What you will do → For each entry below, please return its exact wording and leave out any picture.

⟨

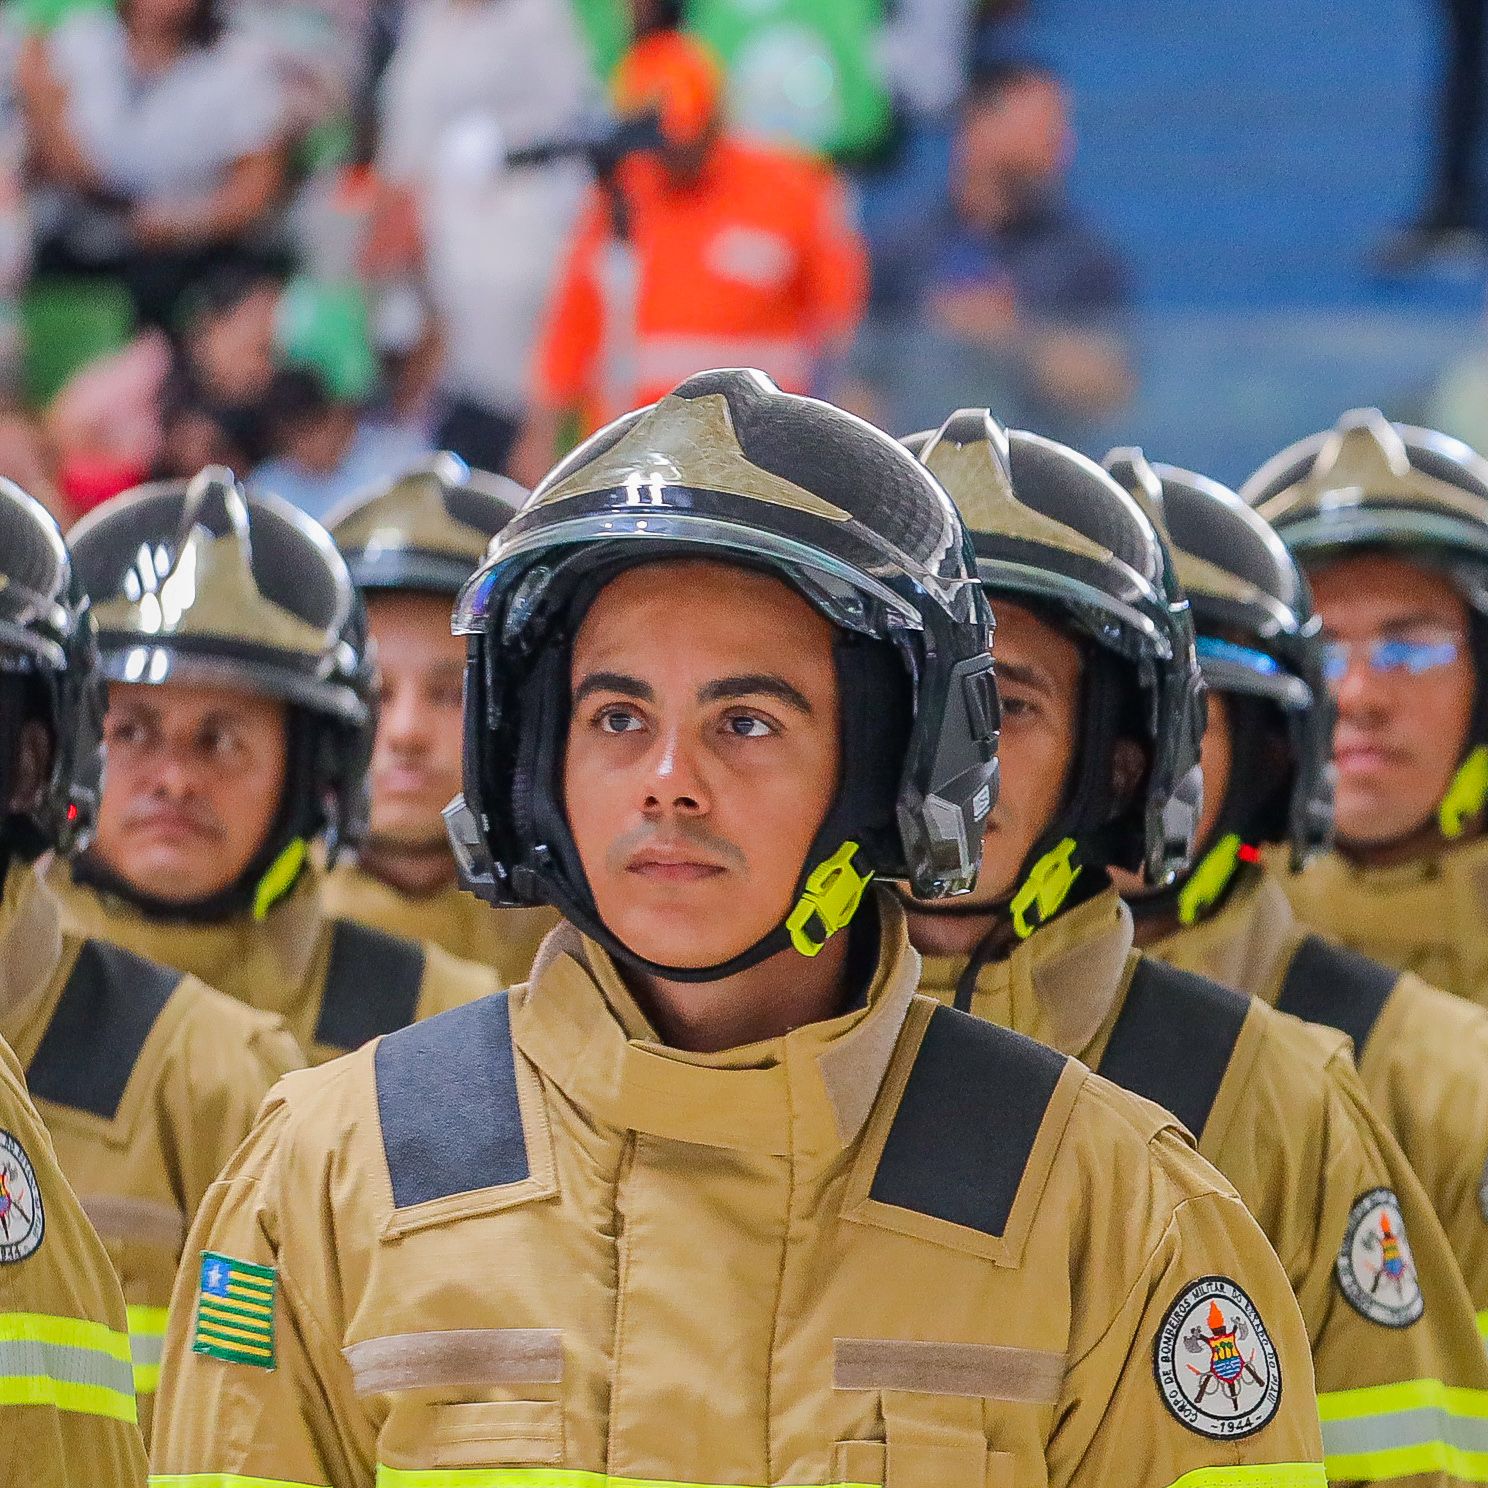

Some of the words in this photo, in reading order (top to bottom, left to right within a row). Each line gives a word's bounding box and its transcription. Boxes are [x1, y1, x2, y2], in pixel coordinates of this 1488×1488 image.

[1193, 1281, 1227, 1300] MILITAR
[1230, 1288, 1243, 1303] DO
[1161, 1299, 1191, 1363] BOMBEIROS
[1267, 1351, 1276, 1369] DO
[1162, 1369, 1174, 1385] DE
[1169, 1389, 1198, 1423] CORPO

⟩

Answer box →
Some of the words in this photo, in reading order (top to bottom, left to right within a row). Each line gives a word's bounding box and its transcription. Boxes are [x1, y1, x2, y2], in pixel coordinates of this 1488×1488 image.

[1193, 1281, 1227, 1300] MILITAR
[1230, 1288, 1243, 1303] DO
[1161, 1299, 1191, 1363] BOMBEIROS
[1267, 1351, 1276, 1369] DO
[1162, 1369, 1174, 1385] DE
[1169, 1389, 1198, 1423] CORPO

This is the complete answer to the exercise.